The Pav was the more popular of the two because it had a top-name band practically every Saturday night; the Paget’s performances were much more infrequent.
The Pav was run by a Mr Squires, who was always standing alongside the pay kiosk to make sure that all patrons were suitably dressed and otherwise presentable. He was maybe in his forties with dark, wavy hair and always very smartly, neatly dressed in a dark suit and tie.
The Paget was looked after by Reg Adams who also provided the resident band to play at the start and in the interval of the evening if there was a big name band on the programme. Reg was the drummer. I don’t know if either of these two gentlemen were involved in the ownership of the dance halls.
The resident band at the Pav was led by Brian Jenner who was, I understand, a farmer of sorts near Maidstone. He played trumpet very well and sang a bit. When he retired from the scene he was replaced by Alan Ryder who led his band on alto sax. I believe that Alan is still around and playing. He is/was a brilliant alto player in the modern jazz style.

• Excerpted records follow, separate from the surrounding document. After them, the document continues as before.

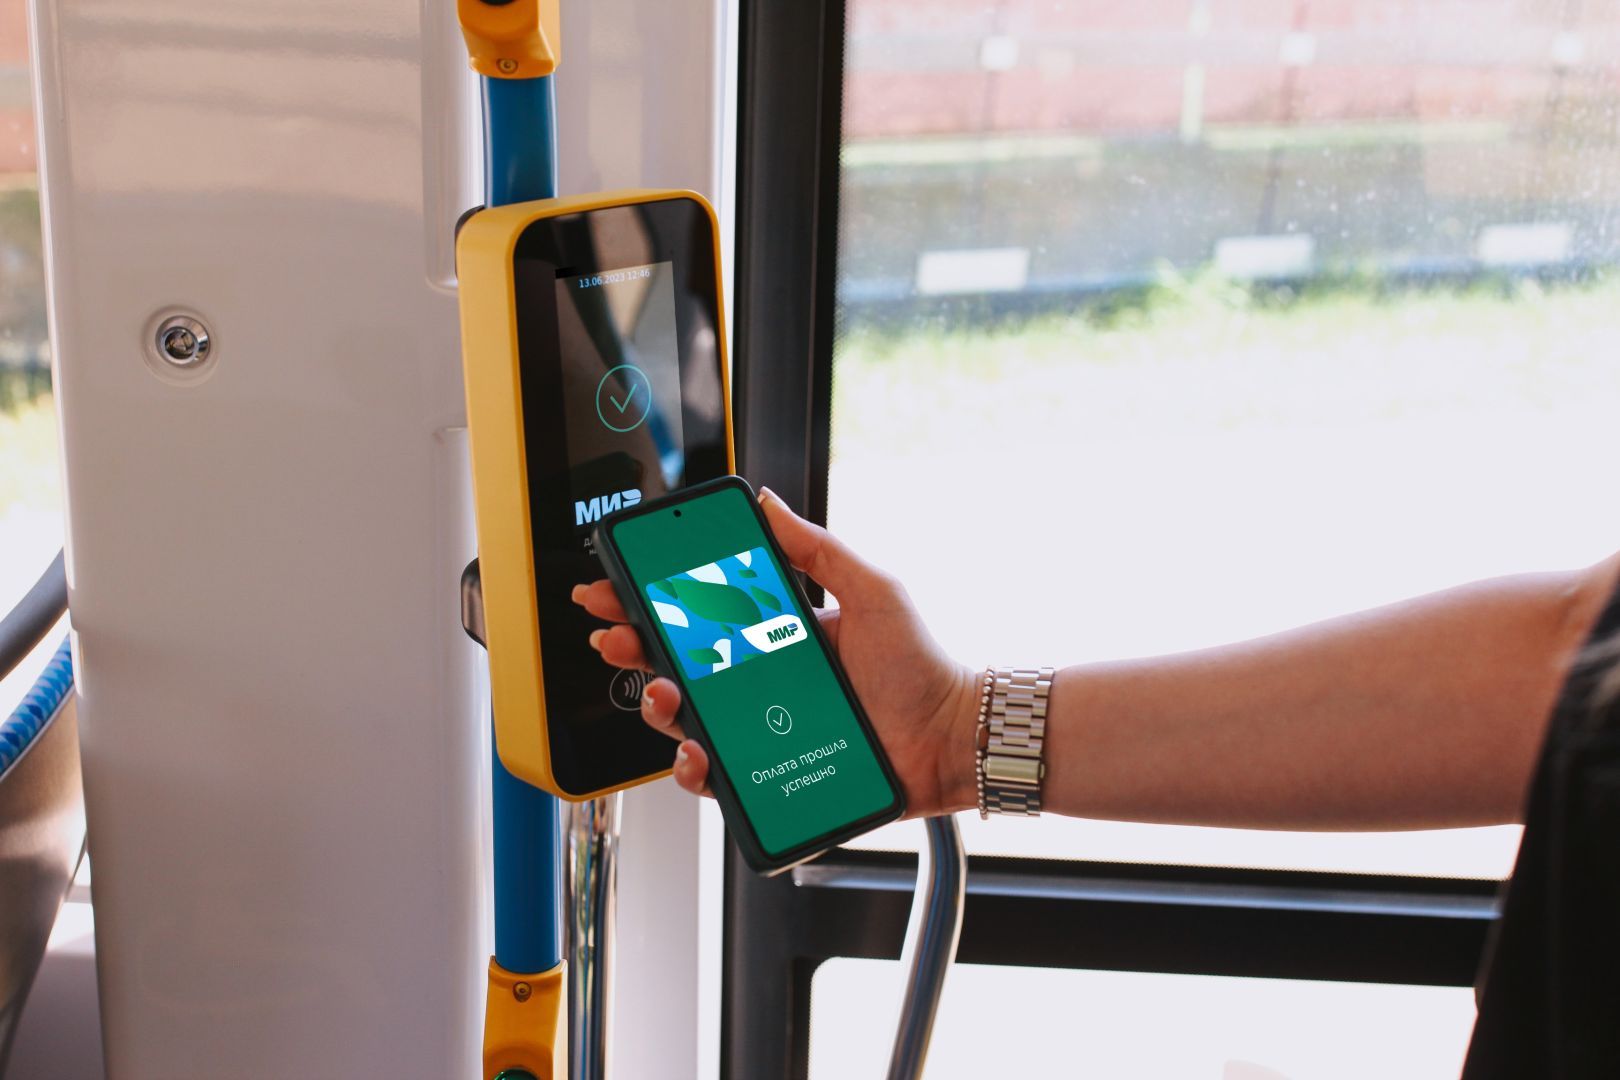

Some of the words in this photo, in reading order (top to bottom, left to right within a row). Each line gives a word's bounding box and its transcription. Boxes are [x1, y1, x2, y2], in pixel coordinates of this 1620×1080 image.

[579, 272, 625, 288] 13.06.2023
[627, 268, 650, 281] 12:46
[767, 622, 799, 643] МИР
[752, 759, 798, 784] Оплата
[799, 739, 848, 765] прошла
[781, 765, 836, 797] успешно
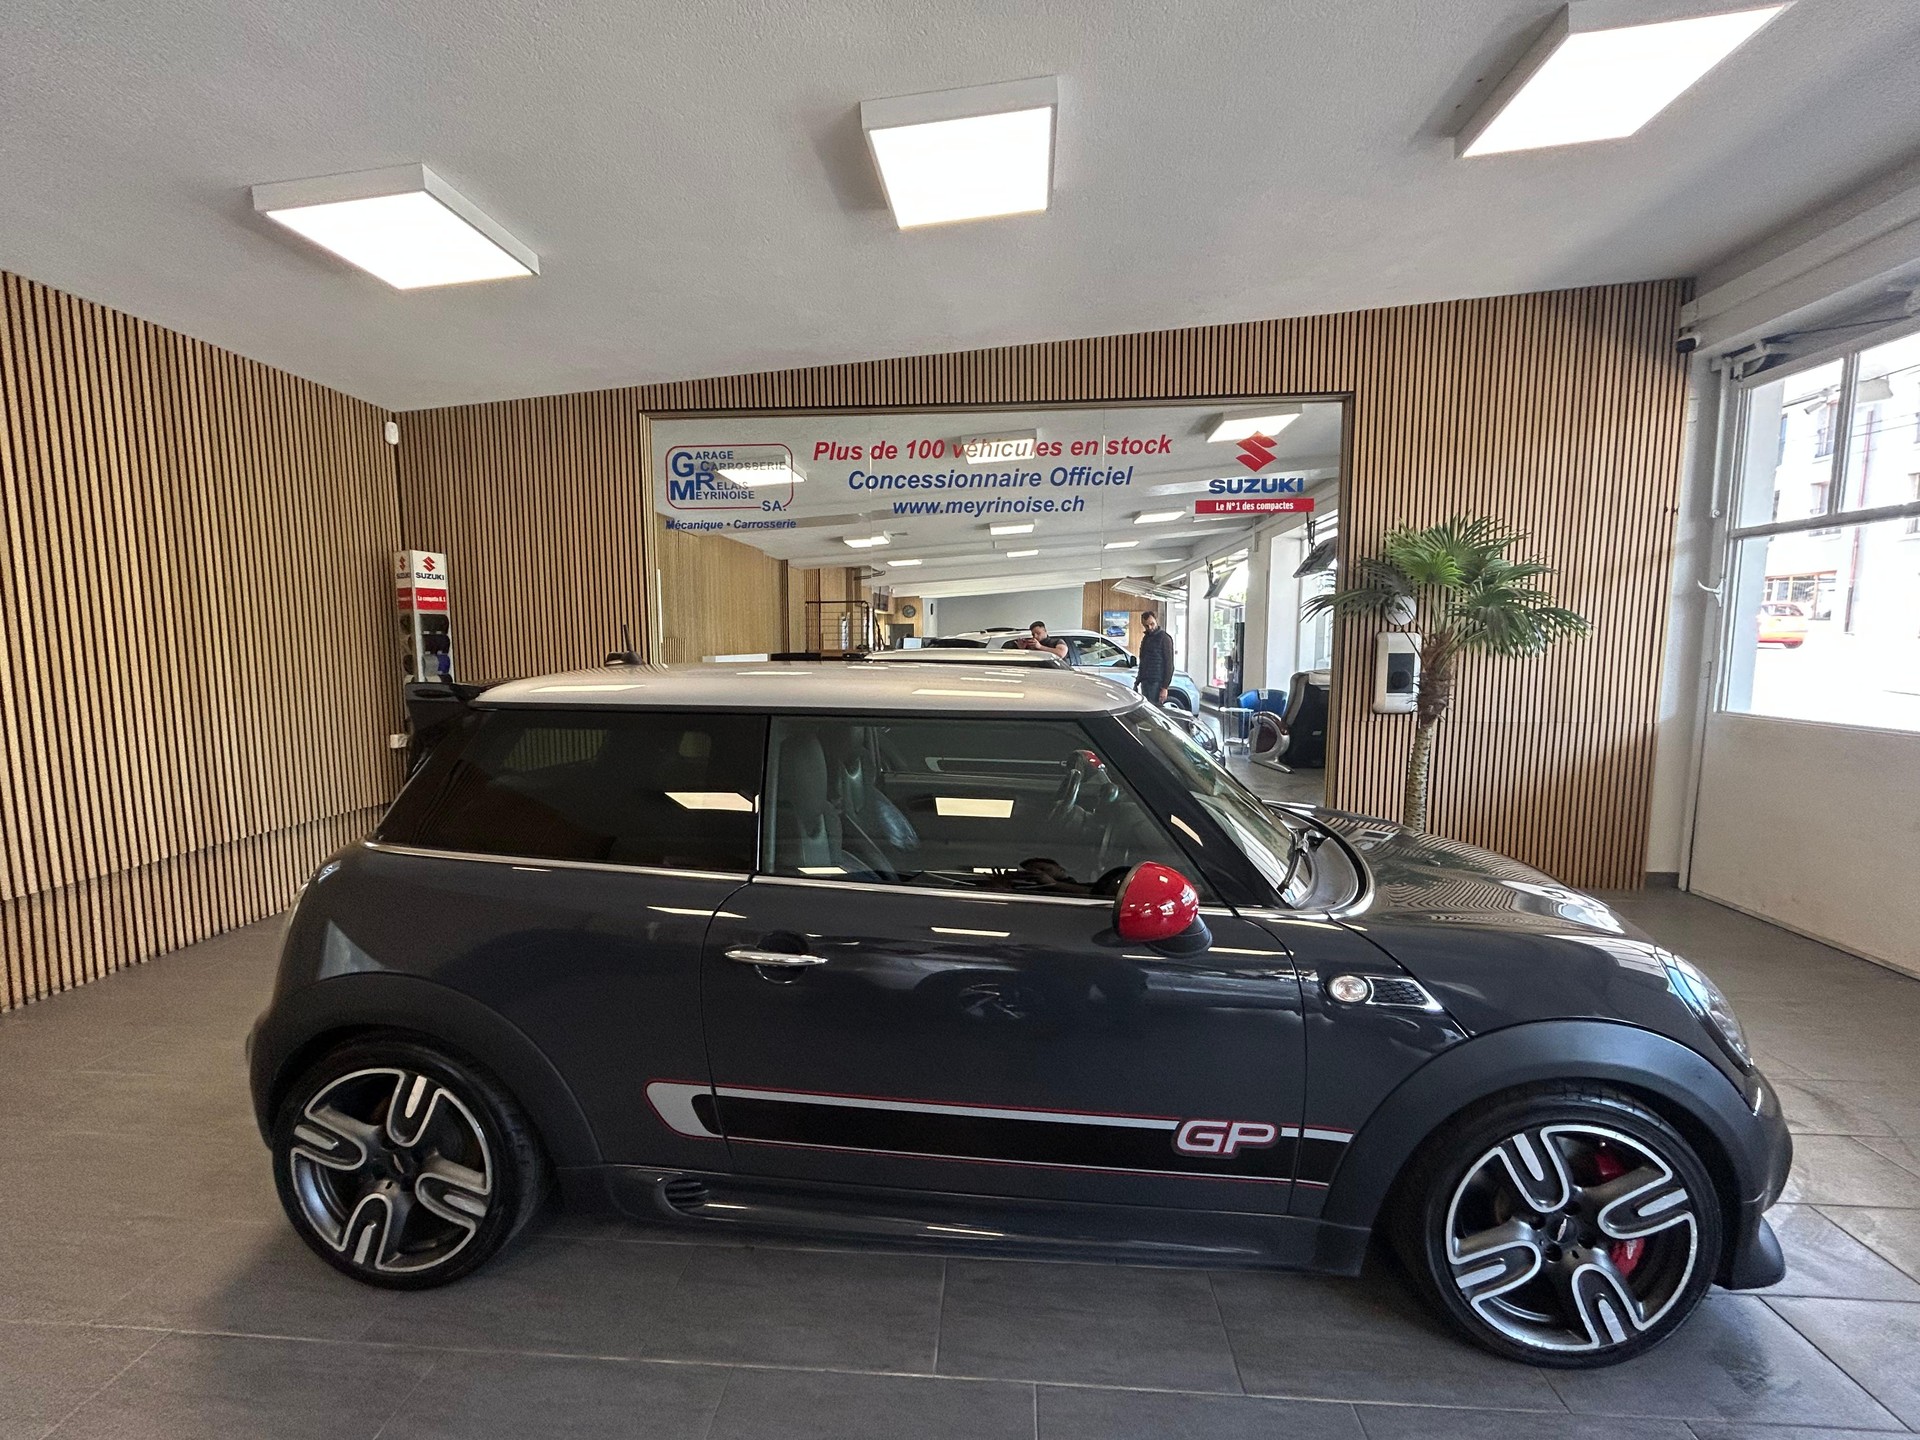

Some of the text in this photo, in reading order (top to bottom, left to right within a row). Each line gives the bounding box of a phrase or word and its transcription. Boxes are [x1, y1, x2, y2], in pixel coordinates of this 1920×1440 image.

Brian Jenner always played what he called the top 10 tunes of the day and this usually happened towards the end of the evening. These tunes were played without stop, one after the other and it was imperative that the lads had, by then, sorted out the girl most worthy of their attention especially if the question “Can I see you home?” was to be asked.
Some of the songs of the day were jazzy or up-tempo and some were dreamy. The dreamy ones were called “bum feelers”.
At 11.45 the dance ended and a fleet of double-deckers waited outside to carry patrons to the four corners of the Medway Towns and a little beyond. If you were going to see a girl home then you walked her home if she lived nearby or got onto whichever bus she needed and then walked back.
Very few of us lads had cars or motorbikes in those days. A mate and I once bussed two girls home and then had to walk back home in Strood from Tovil in Maidstone. And it was raining.
However it was normal, as far as I was concerned, living in Strood and not having chatted up a bird, to take that bus but to dismount at the Chatham station stop, one of several, and go to the pie stall which was a caravan cafe just below the station.
This was a congregation point for late-night revellers on their way home for a cup of tea or coffee but most of all for a Humphries meat pie. They were delicious.
I think the little old guy that ran the stall was named Syd. There was sometimes a disagreement between the more antagonistic or drunk customers but it was easy enough to move away from the fracas and get on with munching at your pie and sipping your tea.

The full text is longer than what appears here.